◆ TRY IT
No pictures go into the copy. Write out every line below exactly.

Records excerpted from a collection:
___

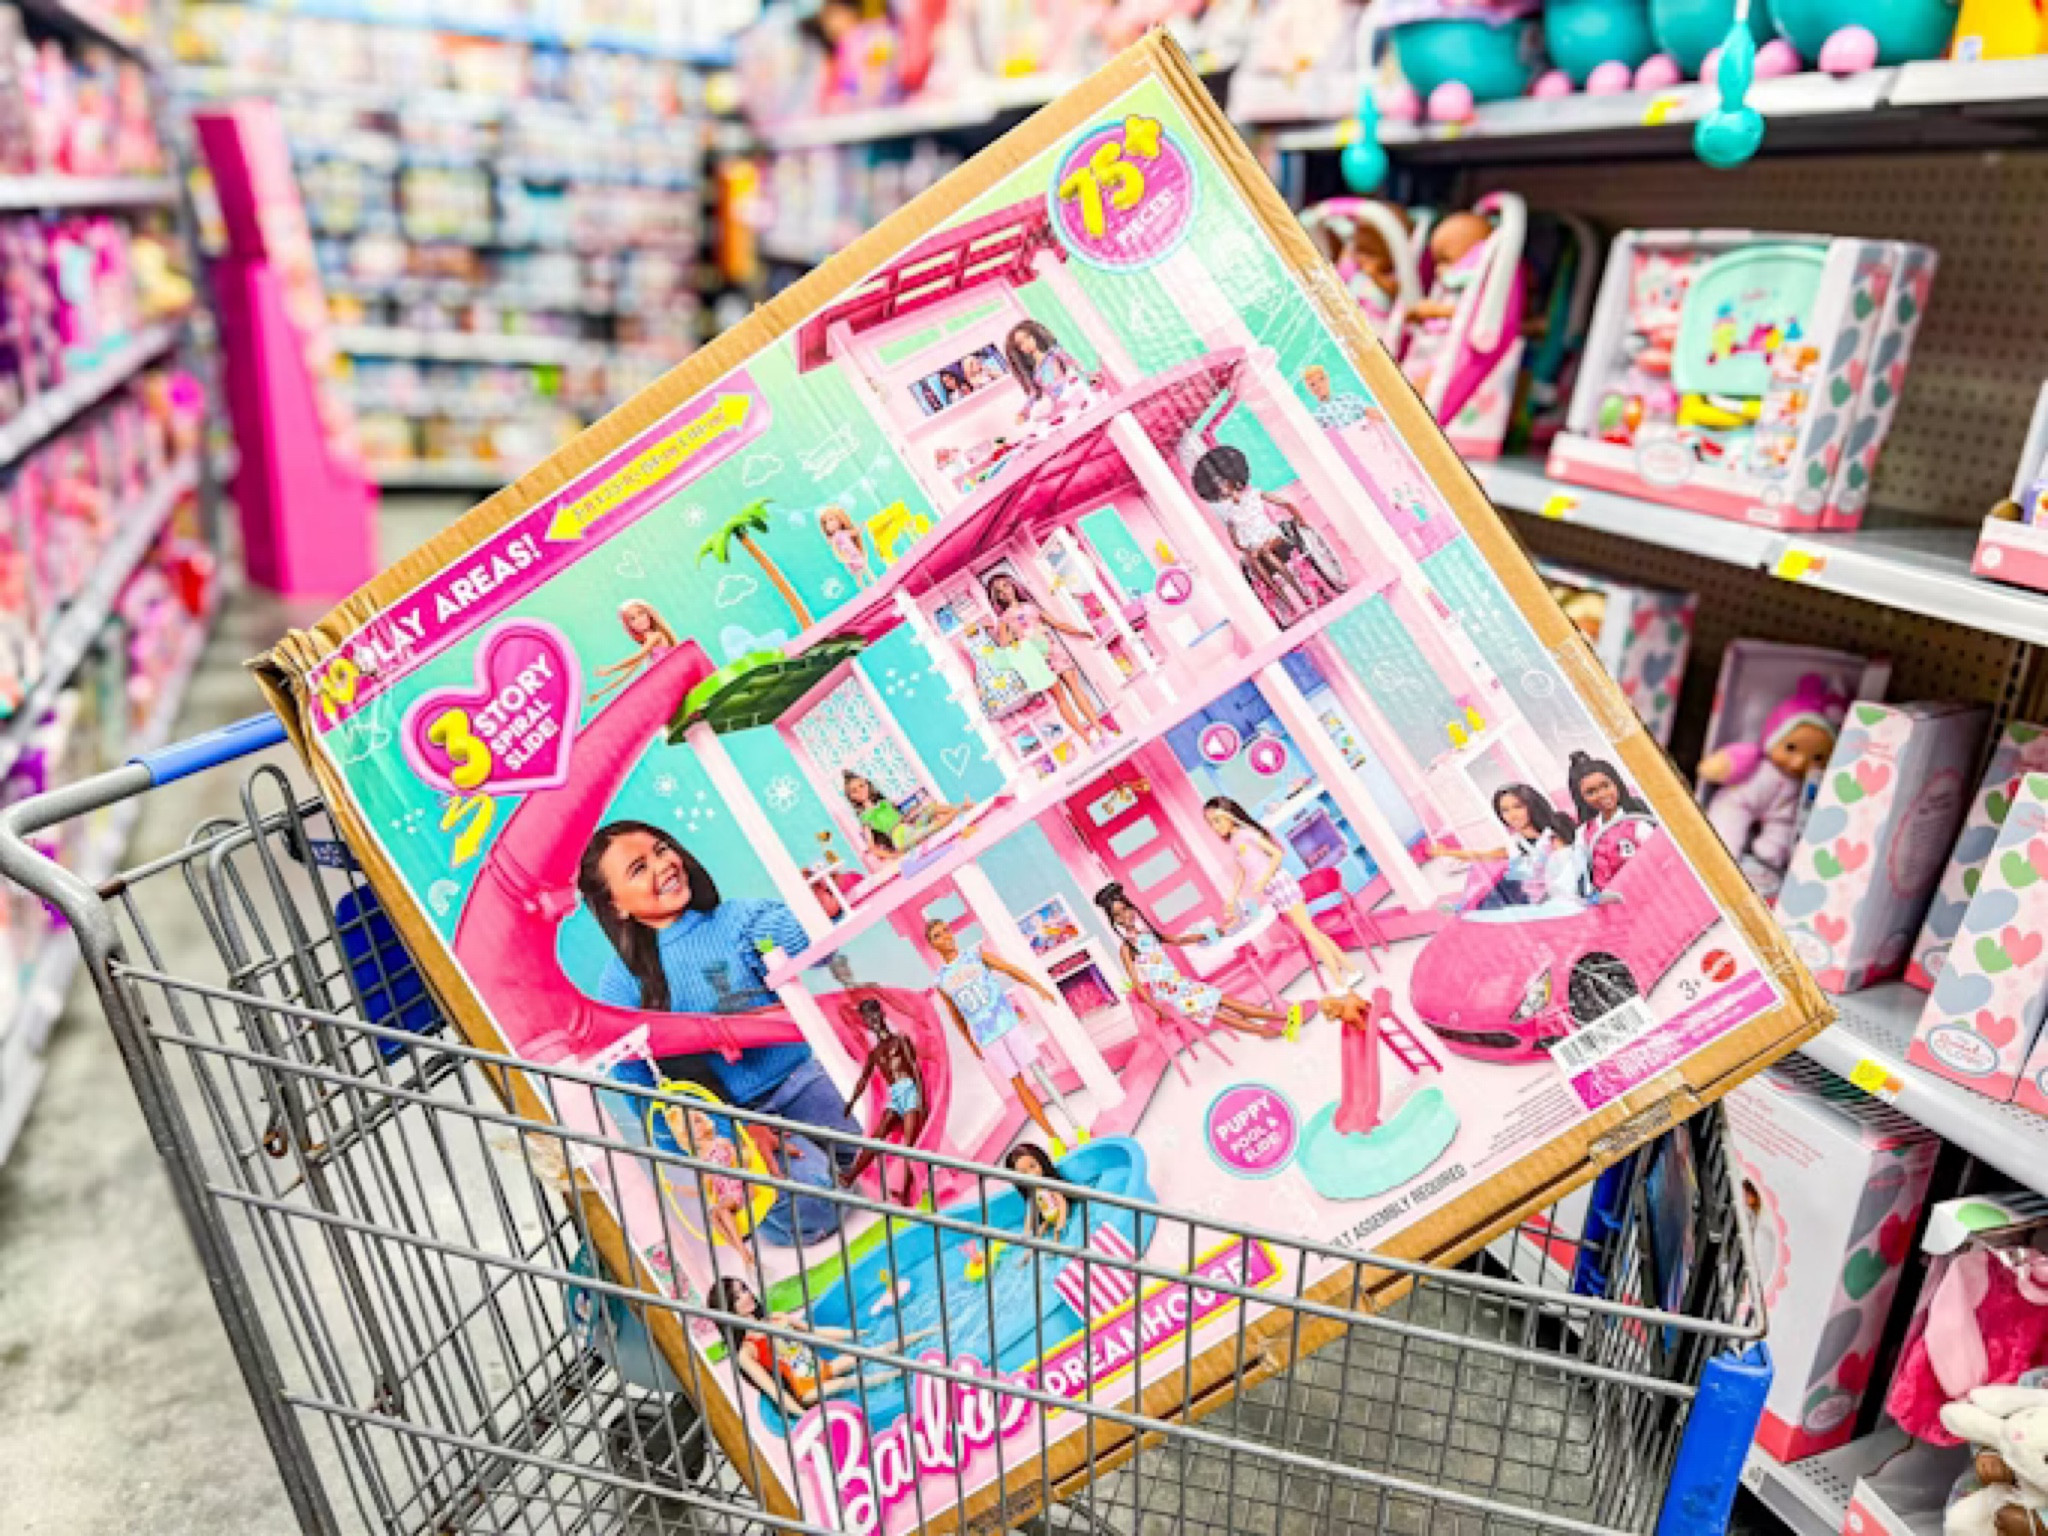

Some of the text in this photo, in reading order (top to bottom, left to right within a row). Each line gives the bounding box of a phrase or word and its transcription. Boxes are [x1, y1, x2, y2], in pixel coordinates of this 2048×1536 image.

[433, 532, 543, 624] AREAS!
[428, 653, 555, 790] 3 STORY
[490, 699, 552, 755] SPIRAL
[1216, 1095, 1271, 1142] PUPPY
[1230, 1125, 1267, 1155] POOL
[1352, 1194, 1411, 1240] ASSEMBLY
[1410, 1163, 1468, 1204] REQUIRED
[794, 1356, 1034, 1536] Barbie

___

◆ RESULT
Some of the text in this photo, in reading order (top to bottom, left to right within a row). Each line gives the bounding box of a phrase or word and its transcription. Boxes are [x1, y1, x2, y2], in pixel coordinates of this 2048×1536 image.

[433, 532, 543, 624] AREAS!
[428, 653, 555, 790] 3 STORY
[490, 699, 552, 755] SPIRAL
[1216, 1095, 1271, 1142] PUPPY
[1230, 1125, 1267, 1155] POOL
[1352, 1194, 1411, 1240] ASSEMBLY
[1410, 1163, 1468, 1204] REQUIRED
[794, 1356, 1034, 1536] Barbie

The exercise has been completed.